U.S SEC charges Ponzi scheme companies that promised fake crypto trading
The U.S Securities and Exchange Commission (SEC) charged two Maryland based companies over a Ponzi scheme that allegedly defrauded approximately 1,200 investors, of more than $27 million by promising to trade their money on crypto exchanges.
SEC charges Ponzi scheme targeting African immigrants https://t.co/lyrs3RSViJ
— SEC_News (@SEC_News) August 28, 2020
The illegitimate companies involved in the fraudulent activities are 1st Million LLC and The Smart Partners LLC which were fake companies set up to run a Ponzi scheme according to the SEC. The report detailed that the company owners who were of African heritage falsely told investors, many of whom were also African immigrants, that their funds would be used for cryptocurrency trading as well as on other foreign exchanges.

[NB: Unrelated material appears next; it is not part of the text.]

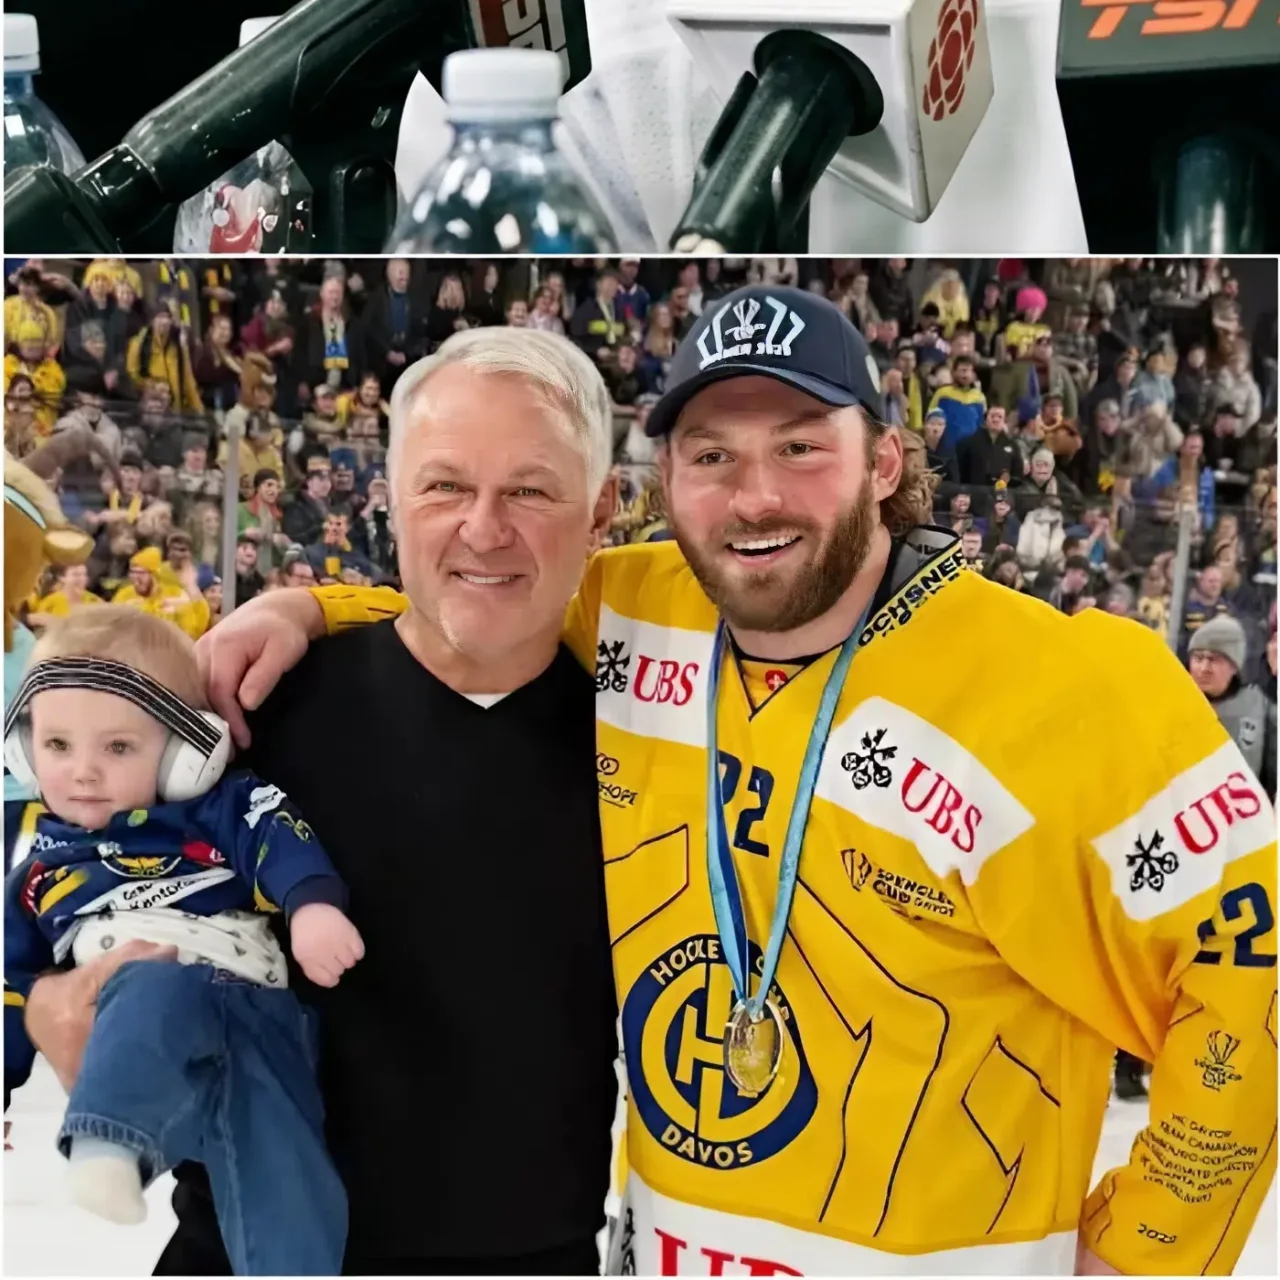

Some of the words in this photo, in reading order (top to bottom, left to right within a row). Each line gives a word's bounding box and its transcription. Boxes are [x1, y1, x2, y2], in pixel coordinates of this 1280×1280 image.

[633, 654, 699, 706] UBS
[901, 757, 982, 854] UBS
[661, 1124, 753, 1167] DAVOS

According to the report, SEC said the companies often cited community trust and targeted vulnerable African immigrants by promising them risk-free returns of between 6% and 42% by trading investor funds on crypto exchanges.
The release further alleged that 1st Million and Smart Partners owner Dennis Jali, who claimed to be an expert trader (and a pastor), falsely presented himself as a self-made millionaire, rented office space to conduct in-person meetings and gave the appearance of a legitimate company. These companies diverted investor funds for personal use and to make Ponzi payments to prior investors.
Kelly L. Gibson, Director of the SEC’s Philadelphia Regional Office said:
As alleged in our complaint, the defendants [Jali and others] exploited religious affiliations and [African] cultural affinities to gain investors’ trust. We encourage all investors to be on high alert whenever they are offered investments promising low risk and guaranteed returns, including from members of a trusted community.
Meanwhile, the U.S. officials in the federal court in Maryland have already charged the fraudsters for violating the U.S antifraud provisions.